Winner of the Georgia Author of the Year Award for Young Adult Fiction
First Place Recipient of the Augusta Literary Festival Yerby Literary Award
In Ted Dunagan's third young adult novel, boyhood friends Ted and Poudlum, a white boy and a black boy who live in the rural segregated South of the 1940s, find their fishing trip interrupted by a Ku Klux Klan meeting. The boys accidentally learn the identity of key Klansmen. Discovered, they escape down the river but only to swim into the arms of more trouble.
Dunagan's storytelling gifts make this an engaging read. Ted and Poudlum's escapades test their resourcefulness and challenge their awakening moral selves, as they come to understand the injustice of the time in which they live.

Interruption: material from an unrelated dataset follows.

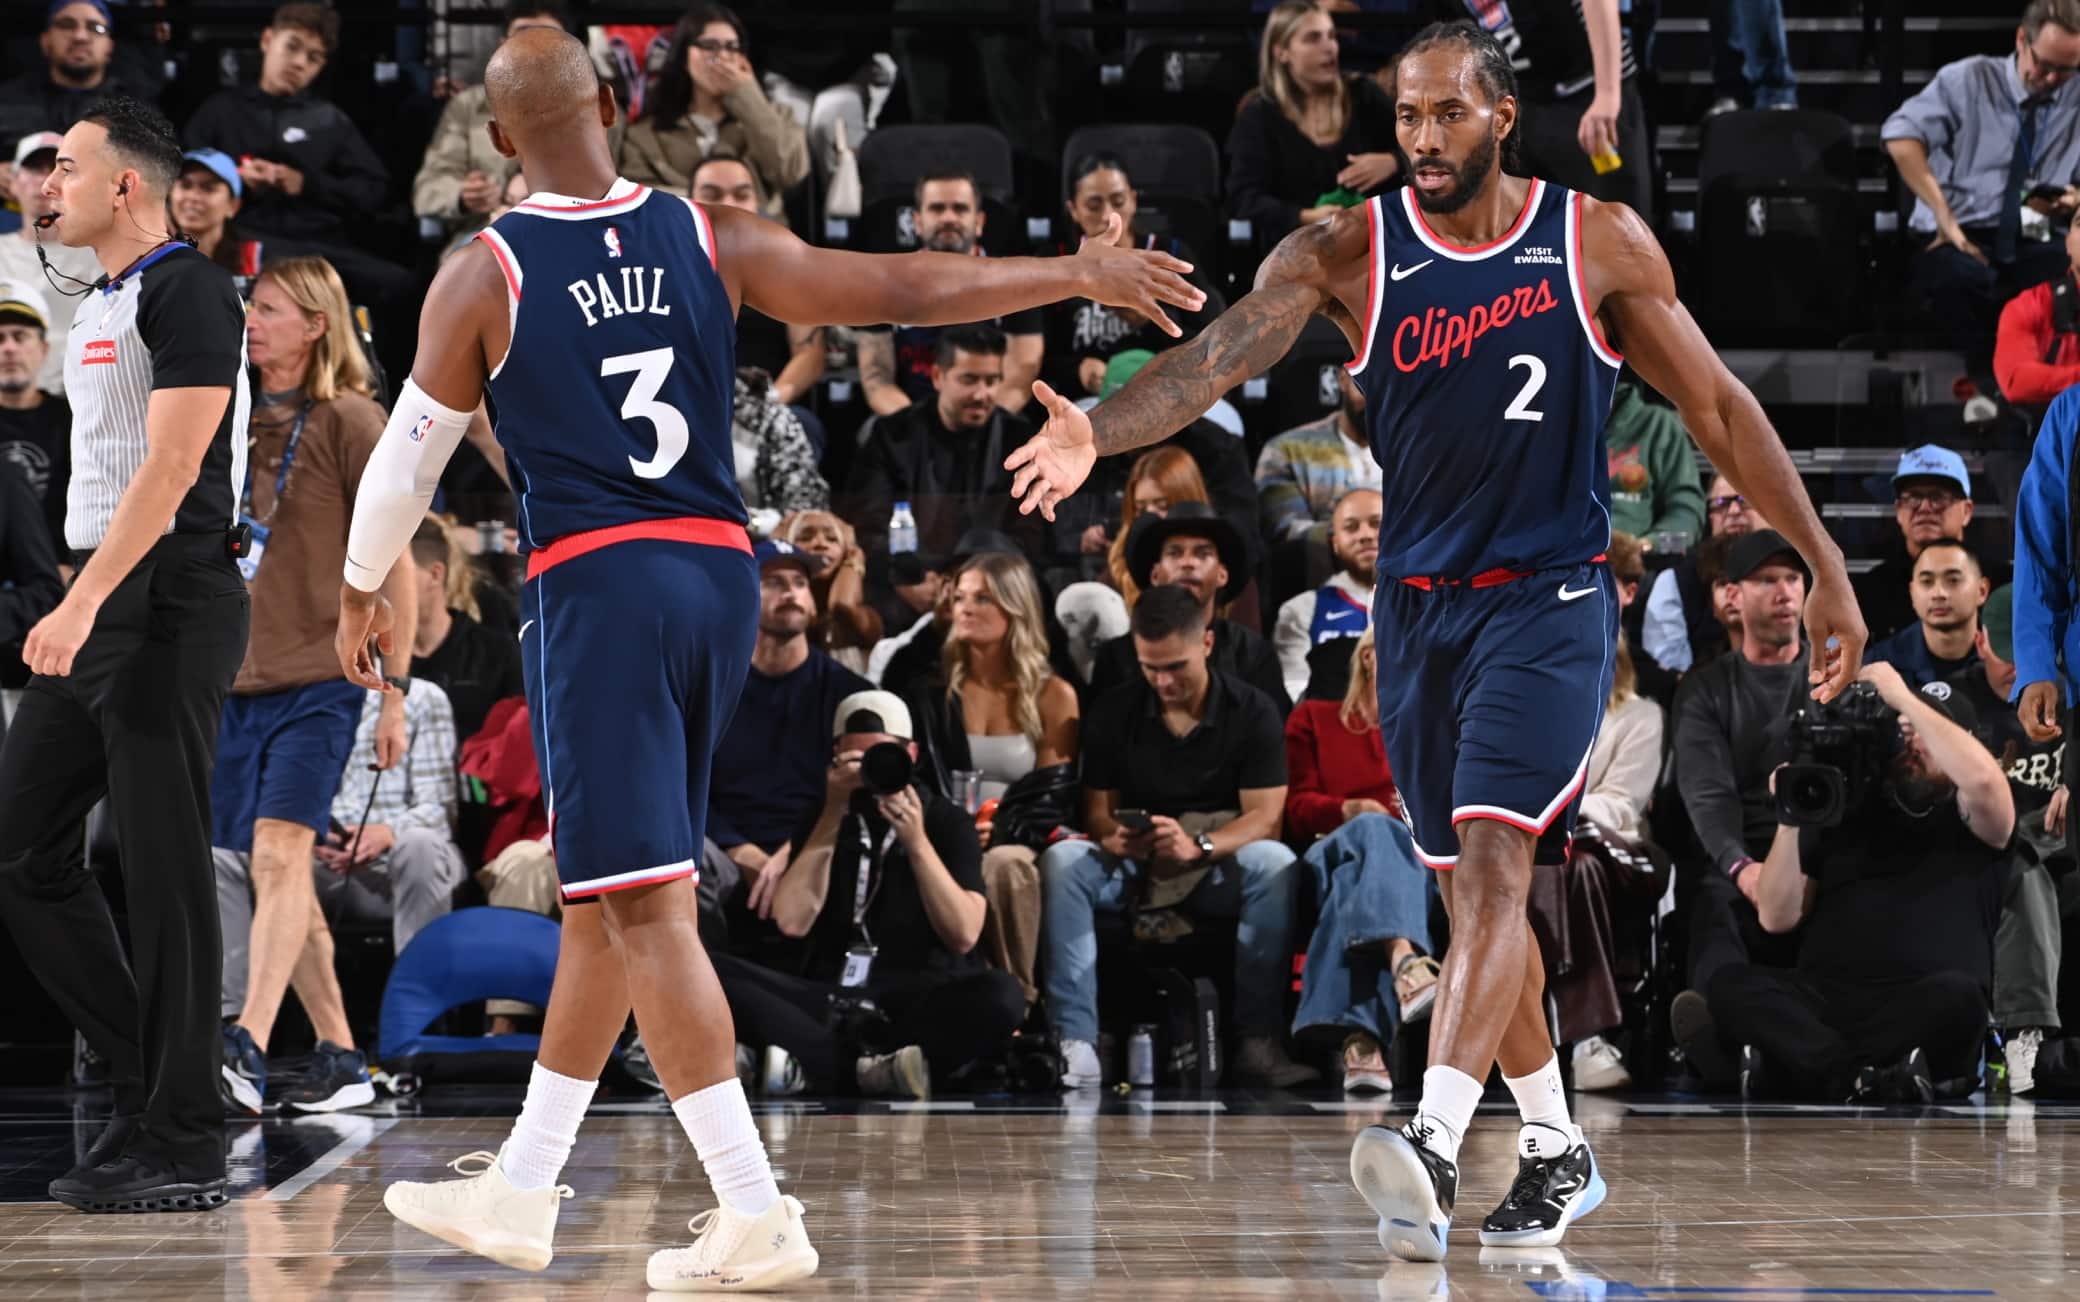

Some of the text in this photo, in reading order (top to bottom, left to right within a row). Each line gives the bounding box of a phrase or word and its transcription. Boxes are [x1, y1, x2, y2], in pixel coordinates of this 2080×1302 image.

Being a kid was never better than when Ted Dunagan imagines it. And the imagining was never better than in Trouble on the Tombigbee , the author's latest work.
Ted M. Dunagan was born in 1943 in rural southwestern Alabama. He attended Georgia State University, and served for three years in the Army as a member of the 101st Airborne Division and Special Forces Training Group. Dunagan is now retired after a career in the cosmetics and fragrance industry. He writes features and columns for The Monticello News in Monticello, Georgia, where he lives with his wife.
Dunagan is a two-time Georgia Author of the Year Award winner in the young adult category: in 2009 for his debut novel, A Yellow Watermelon, and in 2011 for Secret of the Satilfa. A Yellow Watermelon also earned a spot on the inaugural 25 Books Every Young Georgian Should Read list compiled by the Georgia Center for the Book.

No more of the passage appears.